Mandarin Orange Fruit Cake
This is an usual cake with a different combination of fruits. The colour combination is good and the slices look very attractive. Yummy too. The recipe is quite old and harks back to my childhood in the 50s when a tin of mandarin oranges was quite a luxury. This cake keeps well and is still moist and just as delicious four days later.
Once again, I have decided to use a ring tin, trying to persuade more folk to use them! If you don’t have one, there are plenty around and they are just great for decorating and slicing. I love them!
I have used a small ring tin, capacity about 2 pints or so. Pre heat your fan oven to 160C. Butter the tin well, then sprinkle over some flour, tapping out the lose flour over the sink. But you can use a 7” or 8” round if you prefer.
6 oz softened butter
6 oz caster sugar
3 large eggs
9 oz plain flour
a generous teaspoon vanilla bean paste or extract
2 teaspoons baking powder
3 fl oz buttermilk [or milk]
about 3 oz roughly chopped walnuts, plus more for the topping
4 oz glace cherries, roughly chopped, tossed in another scant tablespoon flour
small can mandarins, well drained [keep some of the juice]

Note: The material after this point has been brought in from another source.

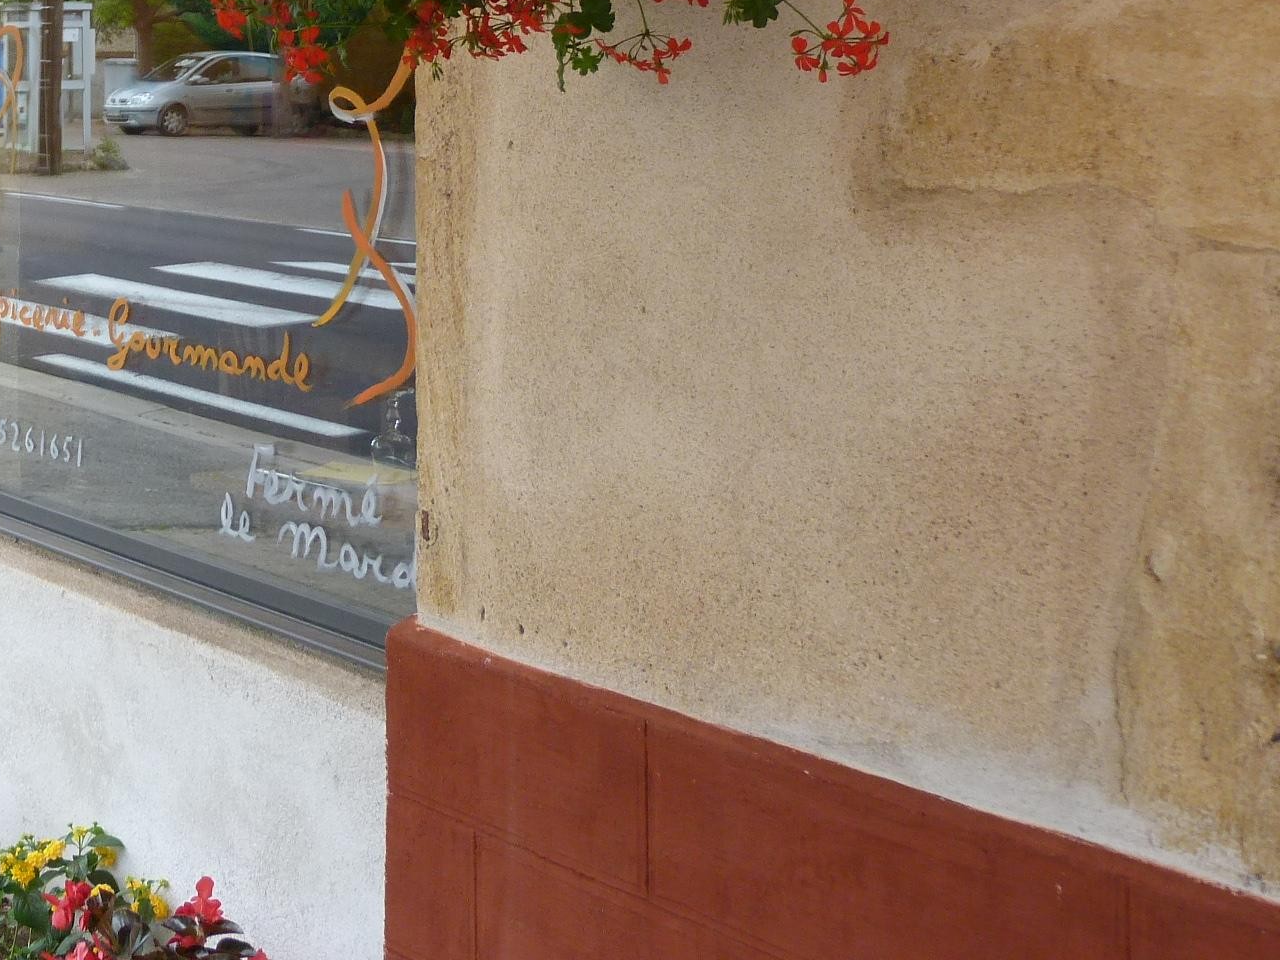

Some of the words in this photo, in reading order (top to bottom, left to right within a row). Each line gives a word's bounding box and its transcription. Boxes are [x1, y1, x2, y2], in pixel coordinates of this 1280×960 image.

Cream the butter and sugar, along with the vanilla bean paste, then add the eggs, one at a time.
Mix the flour and baking powder and sift it into the mix along the buttermilk.
Set aside three or four mandarins for the decoration, then roughly chop the rest. Add this, then the cherries and walnuts to the mix and tip into your prepared tin. Make a slight well along the middle to allow for the rise. Bake for about 50 mins until firm to the touch, then invert onto a cooling rack.
When cold, make an icing with a little of the mandarin juice and some icing sugar. Spread over the top of the cake, allowing some to drizzle down the sides and decorate with the mandarins and some more halved walnuts.
Such a moist cake that keeps well for several days [not the orange slices on top though]. My family absolutely loves it.